The only skilled nursing facility that took AIDS residents kept them in a locked, basement ward. The board was remarkable and voted unanimously to accept the young man. Then something happened we did not foresee: most of the staff was going to walk out; we were unionized and the Union was going to call a strike over endangering the lives of the workers.

 

The staff was about 80% Black. We ran our own in-house laundry, had a kitchen staff and all the aides were low skilled and the black community was our labor source (we had black residents as well). Then a wonderful thing happened, the Reverend Emanuel Cleaver came at the board’s invitation and he spoke to a meeting of the workers. He eloquently talked to the black men and women of their Christian duty. He talked how Jesus ministered to the sick and as Christians, they need to serve all. His words changed the attitude of the workers and they stayed on the job.
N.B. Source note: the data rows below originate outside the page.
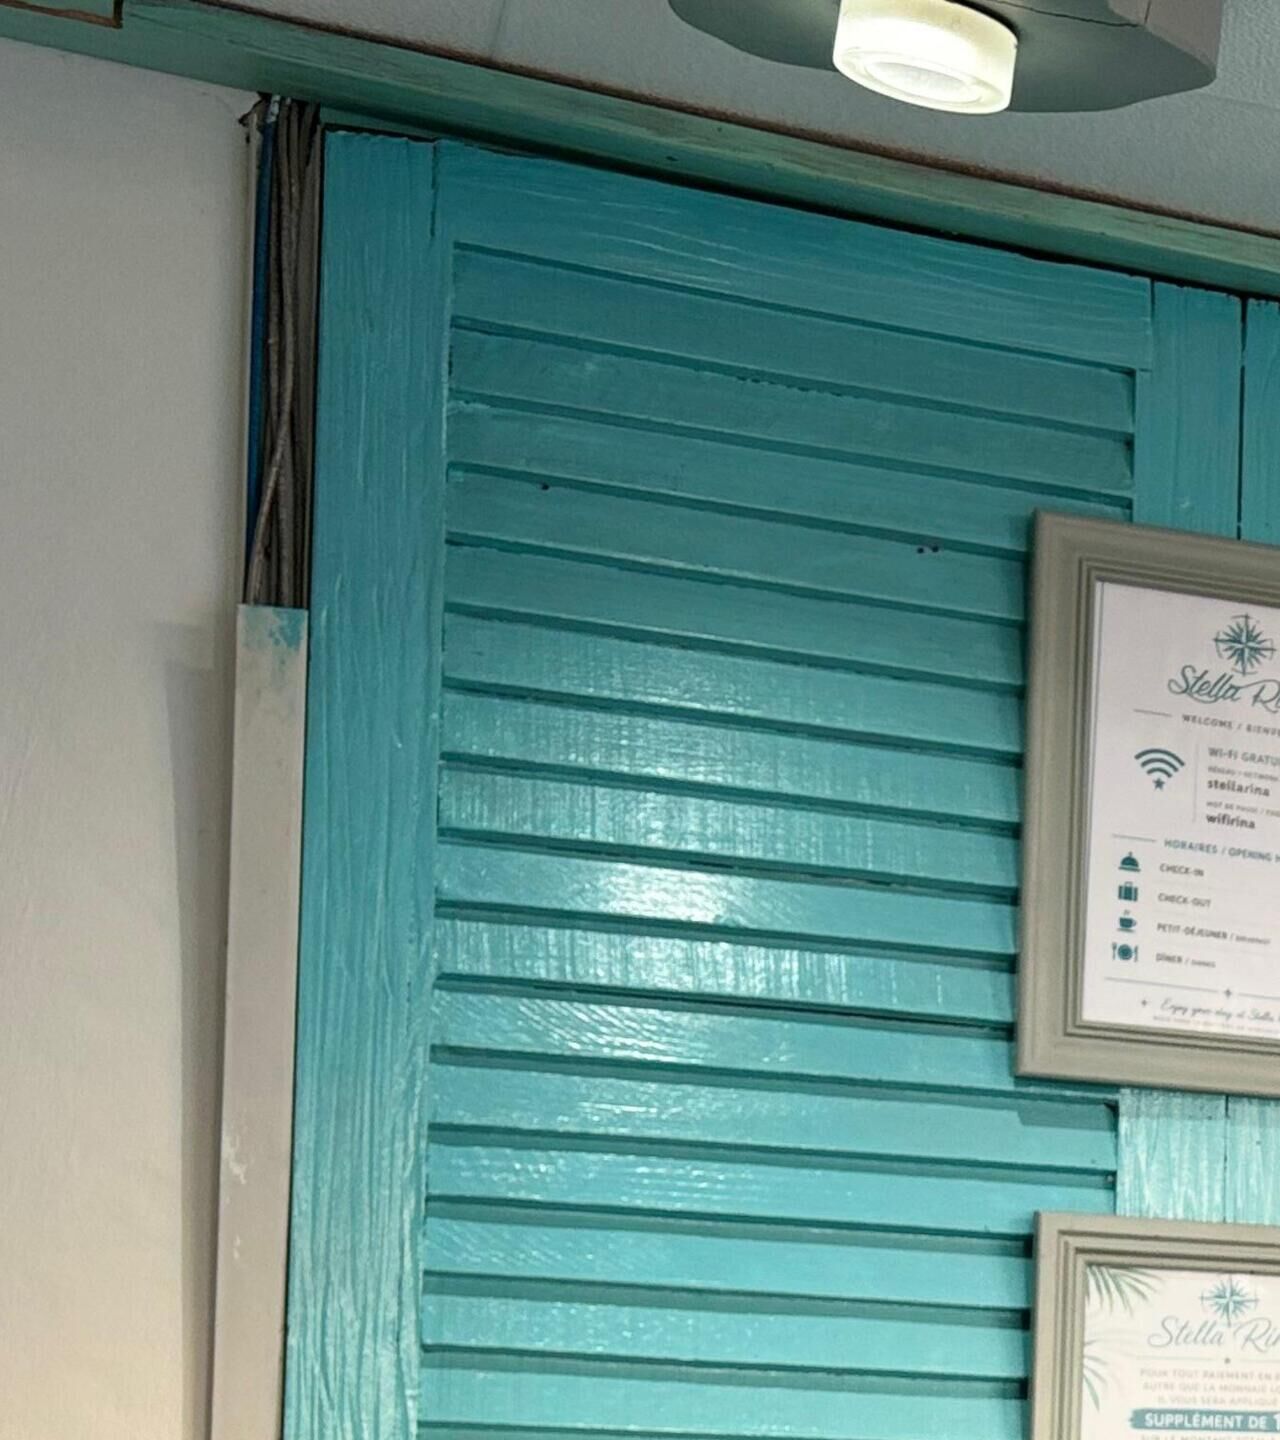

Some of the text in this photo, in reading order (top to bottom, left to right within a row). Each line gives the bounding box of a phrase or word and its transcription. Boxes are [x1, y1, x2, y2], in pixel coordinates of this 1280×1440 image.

[1168, 665, 1241, 704] Stella
[1182, 714, 1233, 730] WELCOME
[1207, 779, 1270, 796] stellarina
[1206, 812, 1255, 829] wifirina
[1164, 839, 1218, 855] HORAIRES
[1228, 848, 1272, 862] OPENING
[1159, 863, 1205, 877] CHECK-IN
[1147, 1315, 1225, 1349] Stella
[1145, 1411, 1244, 1430] SUPPLÉMENT
[1248, 1416, 1268, 1429] DE
Our skilled nursing facility became the first to accept AIDS residents who were treated with dignity and loving care.

 

Follow up: today, Reverend Cleaver is Congressperson Cleaver and the head of the Black Caucus.

 

I think what set the stage for his visit was our facility’s reputation. Back in 1955 or 1956, we were Kansas City’s first non-governmental skilled nursing facility to welcome black residents. In a city with segregated housing, schools and businesses, our facility stood out a place where all were welcome with respect and dignity. It was interesting to explain to non-Jewish residents no pork or shellfish would be in the menu and no cheeseburgers? as the facility was kosher.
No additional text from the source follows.